HOW TO COMPLETE THIS TASK
Of the entries below, return only those lines from the line with "this 1920×1080 image." to the line with "Some of the text", exactly, both included.

═══ DATA FOR ANALYSIS

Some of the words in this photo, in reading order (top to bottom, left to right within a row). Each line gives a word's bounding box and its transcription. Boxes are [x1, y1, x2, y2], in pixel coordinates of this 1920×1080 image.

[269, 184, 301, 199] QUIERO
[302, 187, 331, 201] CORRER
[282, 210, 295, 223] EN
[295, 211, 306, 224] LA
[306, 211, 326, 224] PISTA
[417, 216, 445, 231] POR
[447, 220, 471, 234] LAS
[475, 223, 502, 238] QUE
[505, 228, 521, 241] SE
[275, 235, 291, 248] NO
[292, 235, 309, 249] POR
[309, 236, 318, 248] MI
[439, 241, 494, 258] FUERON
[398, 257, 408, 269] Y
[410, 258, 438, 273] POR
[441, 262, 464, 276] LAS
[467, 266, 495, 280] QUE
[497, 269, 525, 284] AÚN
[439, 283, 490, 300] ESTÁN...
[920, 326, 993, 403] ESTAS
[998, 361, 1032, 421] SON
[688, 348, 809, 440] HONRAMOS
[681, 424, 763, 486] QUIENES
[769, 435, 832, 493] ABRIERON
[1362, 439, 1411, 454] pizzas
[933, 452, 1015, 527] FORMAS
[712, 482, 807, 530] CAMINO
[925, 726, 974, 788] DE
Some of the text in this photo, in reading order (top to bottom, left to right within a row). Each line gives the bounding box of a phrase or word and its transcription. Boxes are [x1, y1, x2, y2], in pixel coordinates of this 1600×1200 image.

══════
═══ DATA FOR ANALYSIS

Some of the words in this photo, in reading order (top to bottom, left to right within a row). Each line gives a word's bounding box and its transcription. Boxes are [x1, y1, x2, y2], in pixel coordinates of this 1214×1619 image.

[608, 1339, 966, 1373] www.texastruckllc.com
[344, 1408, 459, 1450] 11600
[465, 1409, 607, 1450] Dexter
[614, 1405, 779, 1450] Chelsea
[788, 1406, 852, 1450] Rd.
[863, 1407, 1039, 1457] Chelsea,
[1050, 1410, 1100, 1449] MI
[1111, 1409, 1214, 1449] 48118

══════
═══ DATA FOR ANALYSIS

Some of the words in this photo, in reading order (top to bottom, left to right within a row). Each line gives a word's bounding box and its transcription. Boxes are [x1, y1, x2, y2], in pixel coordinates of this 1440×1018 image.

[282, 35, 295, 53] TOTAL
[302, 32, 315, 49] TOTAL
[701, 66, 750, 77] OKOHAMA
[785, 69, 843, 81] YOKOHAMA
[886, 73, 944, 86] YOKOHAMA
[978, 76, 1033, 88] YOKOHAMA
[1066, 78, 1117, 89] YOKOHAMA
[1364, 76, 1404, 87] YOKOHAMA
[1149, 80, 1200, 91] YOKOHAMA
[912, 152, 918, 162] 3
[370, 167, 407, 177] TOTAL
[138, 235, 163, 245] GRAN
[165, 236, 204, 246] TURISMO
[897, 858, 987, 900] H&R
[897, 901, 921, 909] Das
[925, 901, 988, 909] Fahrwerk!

══════

WRITTEN SOLUTION
Some of the words in this photo, in reading order (top to bottom, left to right within a row). Each line gives a word's bounding box and its transcription. Boxes are [x1, y1, x2, y2], in pixel coordinates of this 1920×1080 image.

[269, 184, 301, 199] QUIERO
[302, 187, 331, 201] CORRER
[282, 210, 295, 223] EN
[295, 211, 306, 224] LA
[306, 211, 326, 224] PISTA
[417, 216, 445, 231] POR
[447, 220, 471, 234] LAS
[475, 223, 502, 238] QUE
[505, 228, 521, 241] SE
[275, 235, 291, 248] NO
[292, 235, 309, 249] POR
[309, 236, 318, 248] MI
[439, 241, 494, 258] FUERON
[398, 257, 408, 269] Y
[410, 258, 438, 273] POR
[441, 262, 464, 276] LAS
[467, 266, 495, 280] QUE
[497, 269, 525, 284] AÚN
[439, 283, 490, 300] ESTÁN...
[920, 326, 993, 403] ESTAS
[998, 361, 1032, 421] SON
[688, 348, 809, 440] HONRAMOS
[681, 424, 763, 486] QUIENES
[769, 435, 832, 493] ABRIERON
[1362, 439, 1411, 454] pizzas
[933, 452, 1015, 527] FORMAS
[712, 482, 807, 530] CAMINO
[925, 726, 974, 788] DE
Some of the text in this photo, in reading order (top to bottom, left to right within a row). Each line gives the bounding box of a phrase or word and its transcription. Boxes are [x1, y1, x2, y2], in pixel coordinates of this 1600×1200 image.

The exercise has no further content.